The Idea behind this article is to identify areas of scientific research that can be applied to pro’s as well as everyday athletes. It should give you the ability to look at your own training and to ask yourself, how do I stack up?

Traditionally strength training and endurance cycling performance hasn’t been seen as compatible by cyclists and coaches aside from the diehard track sprinting population.

However a growing body of literature is becoming available discussing a range of benefits, these include improved economy, improved TT performance, increase time to exhaustion at maximal aerobic power, improved power at VO2 max, and increased power during last 5 min of a 3 hour time trial (Bazyler 1015).

Strength training improves cycling efficiency in master endurance athletes


“The addition of a strength training program for the knee extensor muscles to endurance-only training induced a significant improvement in strength and cycling efficiency in master athletes.”


During their 2011 study Louis et al. found that strength training was able to alleviate all age related differences in Delta Efficiency in cycling and Maximal Voluntary Contraction torque in master level athletes.


Two groups of endurance athletes 9 master (51.5 + or – 5.5 years and 8 young (25.6 + or – 5.9 years). The study tested the effect of a 3-week strength training program, all subjects engaged in a strength training program of the knee extensor muscles consisting of 10 x 10 knee extensions @ 70% with a 3 min rest period between sets with 3 sessions per week.


Prior to the completion of the training protocol maximal voluntary contraction torque (MVC torque), force endurance and delta efficiency were significantly lower in the master athletes. Significant improvements were seen with strength training. MVC torque improved 17.8% in masters and 5.9% young. Prior to training the mean difference in DE when comparing young to masters was +10.7% post intervention the difference was +0.15%.


This is the first study to compare the effect of strength training on endurance parameters in training matched young and master level athletes. The improvements in MVC torque and DE verify the beneficial effect of concurrent strength and endurance training in master athletes.


Strength training improves performance and pedaling characteristics in elite cyclists


“25 weeks of concurrent endurance and strength training resulted in larger improvements in cycling performance and performance-related factors”

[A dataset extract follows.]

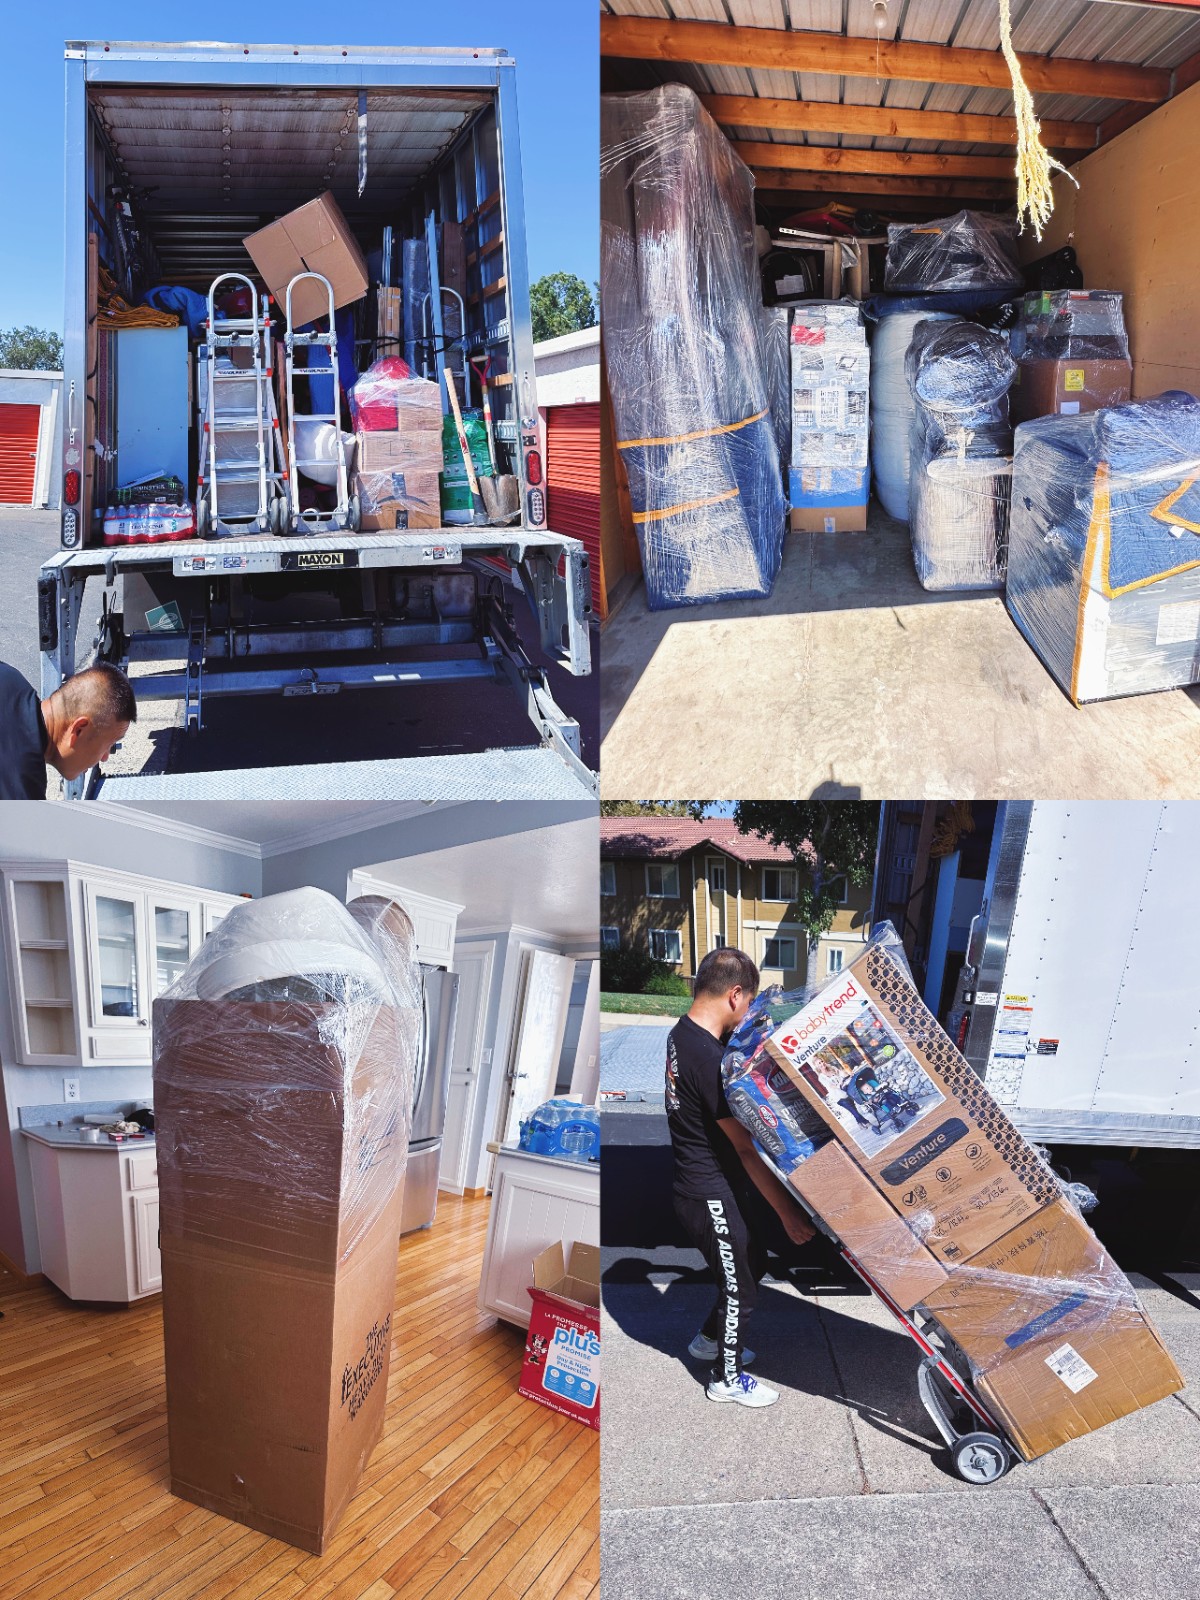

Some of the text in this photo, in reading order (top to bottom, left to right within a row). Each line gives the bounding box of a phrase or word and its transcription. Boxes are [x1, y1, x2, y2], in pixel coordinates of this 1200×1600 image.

9 cyclists performed endurance training and heavy strength training (ES) and 7 performed endurance only (E). The study was included 25 weeks of strength training for ES including 10 weeks of 2x per week followed by 15 weeks of 1 session per week. The exercises performed included half squat, unilateral leg press, standing unilateral hip flexion and calf raises. Weights were performed utilising the RM method subjects progressed from 10RM during the first 3 weeks through to 4RM at the end of 10 weeks. 3 sets of each exercise were always performed with a 2 minute rest period.


  Day 1 Day 2
Week 1-3 3 sets 10RM with 2 min rest 3 sets 6RM with 2 min rest
Weeks 4-6 3 sets 8RM with 2 min rest 3 sets 5RM with 2 min rest
Weeks 7-10 3 sets 6RM with 2 min rest 3 sets 4RM with 2 min rest
Weeks 11-25 3 sets 5 reps at 8RM 2 min rest OFF



Day 1) Measurement of lean lower-body mass

Day 2) Maximal strength test and 30s Wingate test

Day 3) Incremental cycle tests for determination of blood lactate profile followed by a VO2 max test

Day 4) 40 min all-out trial

Tests were conducted before and after the 25 week intervention



Maximal strength: ES increased maximal half squat strength by 20±12%, whereas maximal strength remained unchanged in E.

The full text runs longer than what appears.